» Exercise prompt: Leave every picture out, and write out the remaining entries exactly.

» Extracted data:
..............................

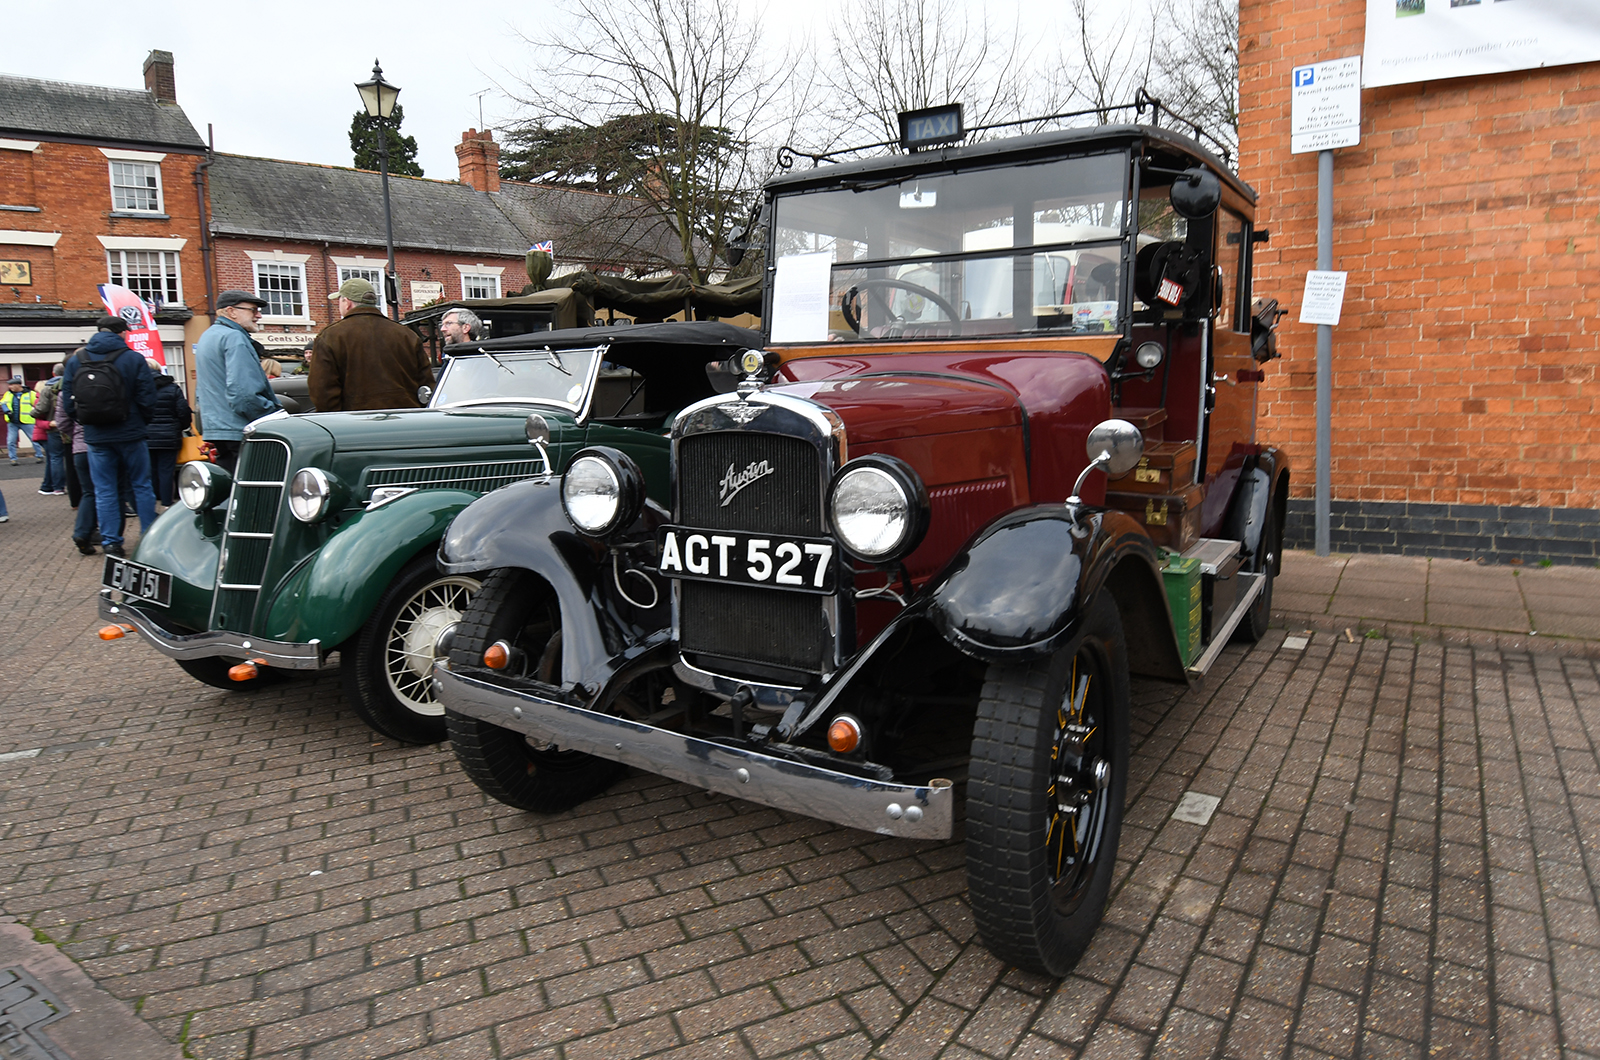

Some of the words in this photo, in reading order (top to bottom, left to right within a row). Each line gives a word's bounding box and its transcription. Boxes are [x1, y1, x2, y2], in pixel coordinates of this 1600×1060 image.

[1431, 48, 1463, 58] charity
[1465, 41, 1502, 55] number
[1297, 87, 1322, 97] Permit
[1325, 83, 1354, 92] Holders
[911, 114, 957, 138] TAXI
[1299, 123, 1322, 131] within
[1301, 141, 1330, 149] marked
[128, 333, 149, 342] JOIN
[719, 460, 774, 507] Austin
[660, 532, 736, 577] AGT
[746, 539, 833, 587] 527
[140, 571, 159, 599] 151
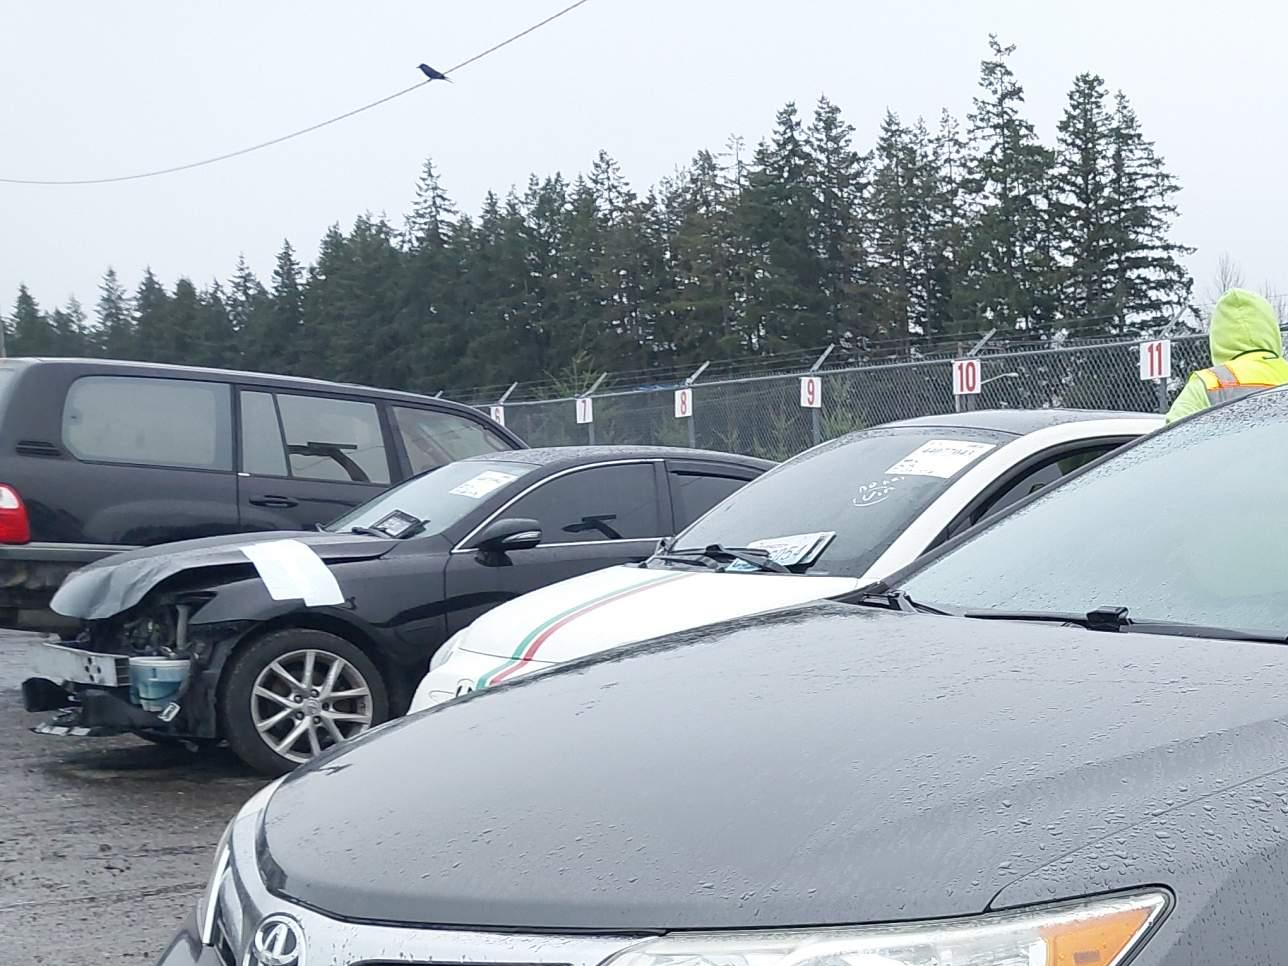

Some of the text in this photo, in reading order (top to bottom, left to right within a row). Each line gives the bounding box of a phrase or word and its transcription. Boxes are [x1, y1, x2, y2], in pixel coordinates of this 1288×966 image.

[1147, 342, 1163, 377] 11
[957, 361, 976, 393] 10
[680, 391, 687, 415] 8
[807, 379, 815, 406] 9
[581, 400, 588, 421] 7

..............................

» Written answer:
Some of the words in this photo, in reading order (top to bottom, left to right within a row). Each line gives a word's bounding box and its transcription. Boxes are [x1, y1, x2, y2], in pixel coordinates of this 1600×1060 image.

[1431, 48, 1463, 58] charity
[1465, 41, 1502, 55] number
[1297, 87, 1322, 97] Permit
[1325, 83, 1354, 92] Holders
[911, 114, 957, 138] TAXI
[1299, 123, 1322, 131] within
[1301, 141, 1330, 149] marked
[128, 333, 149, 342] JOIN
[719, 460, 774, 507] Austin
[660, 532, 736, 577] AGT
[746, 539, 833, 587] 527
[140, 571, 159, 599] 151

Some of the text in this photo, in reading order (top to bottom, left to right within a row). Each line gives the bounding box of a phrase or word and its transcription. Boxes are [x1, y1, x2, y2], in pixel coordinates of this 1288×966 image.

[1147, 342, 1163, 377] 11
[957, 361, 976, 393] 10
[680, 391, 687, 415] 8
[807, 379, 815, 406] 9
[581, 400, 588, 421] 7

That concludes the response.